**AIM OF THE EXERCISE:** Whatever appears in the records apart from pictures must be reproduced exactly.

Data items:
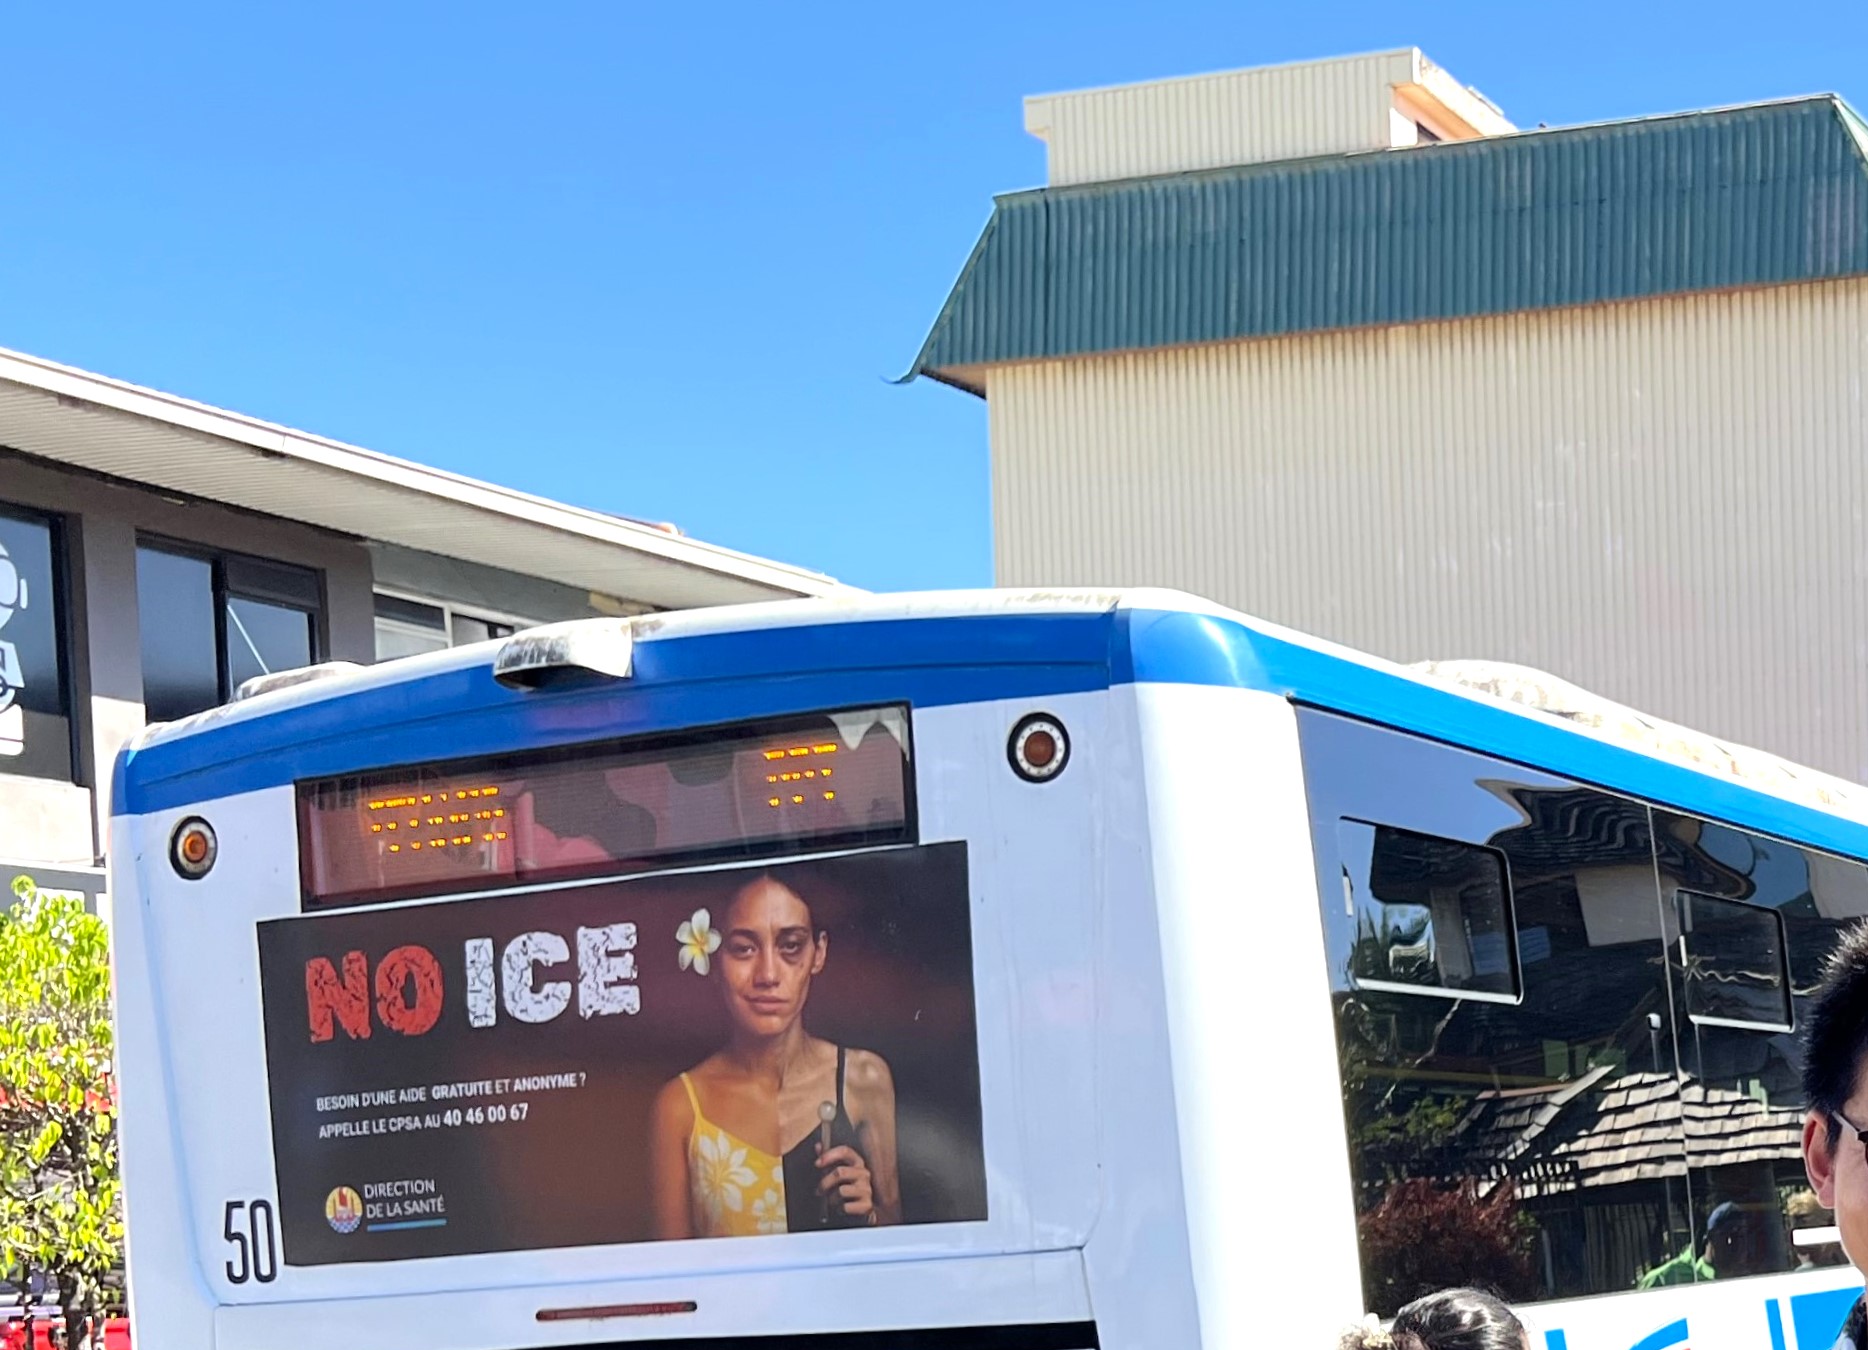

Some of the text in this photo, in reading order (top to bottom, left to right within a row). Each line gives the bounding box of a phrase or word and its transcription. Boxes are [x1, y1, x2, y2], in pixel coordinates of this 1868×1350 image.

[305, 922, 641, 1043] NO ICE
[316, 1093, 360, 1112] BESOIN
[361, 1090, 397, 1108] D'UNE
[399, 1086, 427, 1103] AIDE
[431, 1079, 493, 1100] GRATUITE
[495, 1078, 511, 1094] ET
[513, 1072, 577, 1093] ANONYME
[318, 1102, 529, 1139] APPELLE LE CPSA AU 40 46 00 67
[364, 1179, 436, 1199] DIRECTION
[366, 1193, 446, 1219] DE LA SANTÉ
[223, 1198, 278, 1285] 50

**RESULT:**
Some of the text in this photo, in reading order (top to bottom, left to right within a row). Each line gives the bounding box of a phrase or word and its transcription. Boxes are [x1, y1, x2, y2], in pixel coordinates of this 1868×1350 image.

[305, 922, 641, 1043] NO ICE
[316, 1093, 360, 1112] BESOIN
[361, 1090, 397, 1108] D'UNE
[399, 1086, 427, 1103] AIDE
[431, 1079, 493, 1100] GRATUITE
[495, 1078, 511, 1094] ET
[513, 1072, 577, 1093] ANONYME
[318, 1102, 529, 1139] APPELLE LE CPSA AU 40 46 00 67
[364, 1179, 436, 1199] DIRECTION
[366, 1193, 446, 1219] DE LA SANTÉ
[223, 1198, 278, 1285] 50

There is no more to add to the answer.